By

Sally Angel

Opinion

They were the first to see the true horrors

January 22, 2015 13:19
22012015 Night Will Fall   US combat cameraman Pic 1
2 min read

We drove in and saw a sight that shocked us as nothing, even the sights of war, had ever shown us before. There was a stench of death everywhere. We were there for about two weeks filming and I thought as time went by it might leave me. I wanted to forget. But it never does leave you." These are the words of Sgt Mike Lewis, army cameraman at Belsen, speaking decades after the liberation of the concentration camps.

Like all of the cameramen, editors and producers of the film shot at liberation, the memory of what was encountered has haunted Sgt Lewis for the rest of his life and the psychological wounds of bearing witness were most noticeable through silence.

The Army Film and Photographic Unit, accompanying the troops that entered the camps 70 years ago, had been totally unprepared for what they were about to encounter, but, on being confronted with the unimaginable, picked up their cameras and filmed. Once there, they were sent to gather evidence at the instruction of Sidney Bernstein, then chief of the Allied force's Psychological Warfare Department. The intended use of their film was as part of a de-Nazification programme to show to the Germans.

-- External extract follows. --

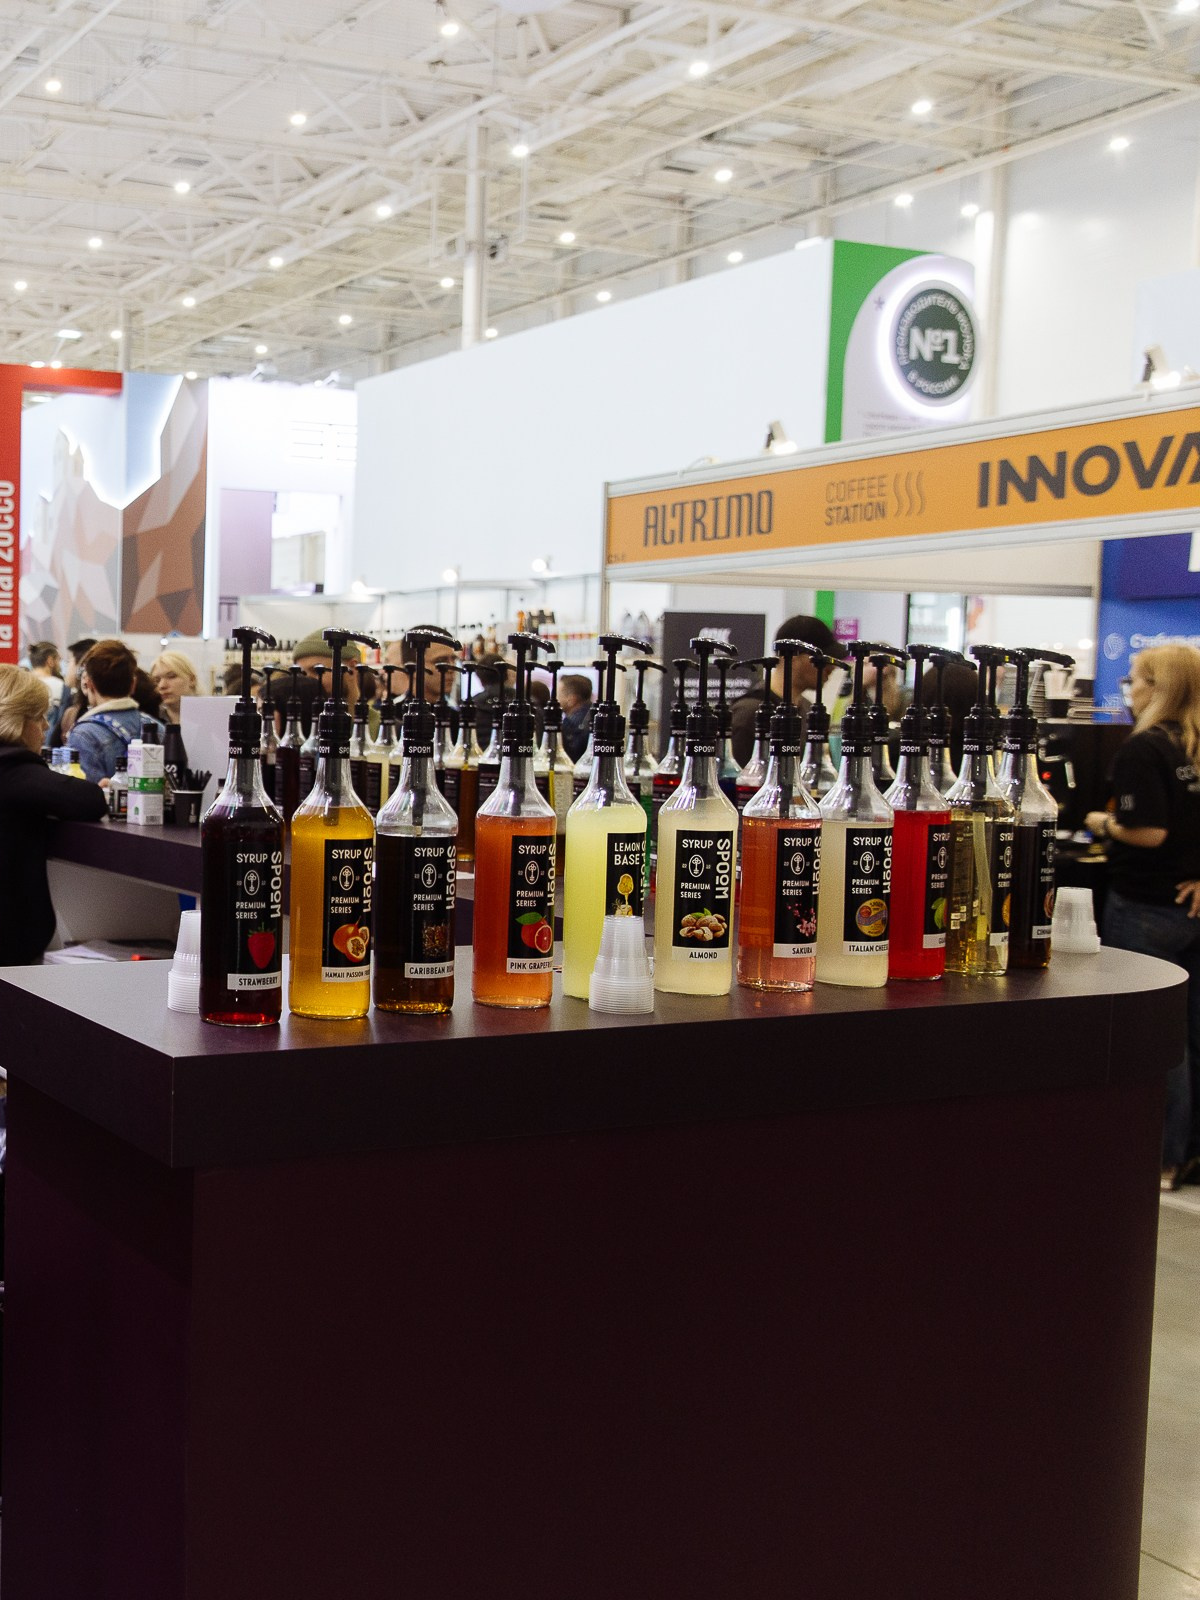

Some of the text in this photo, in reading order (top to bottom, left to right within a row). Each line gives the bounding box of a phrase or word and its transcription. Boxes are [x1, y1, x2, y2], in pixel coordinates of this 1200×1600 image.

Bernstein's instructions were to film everything: his intention was to create a film that would provide evidence for all mankind. He would shape this film with a team that included Alfred Hitchcock and future cabinet Minister Richard Crossman. It was not completed in Bernstein's lifetime and I have been involved in the film Night Will Fall, which tells the story behind Bernstein's project, why it was stopped and of the Imperial War Museum's extraordinary restoration and completion of that film.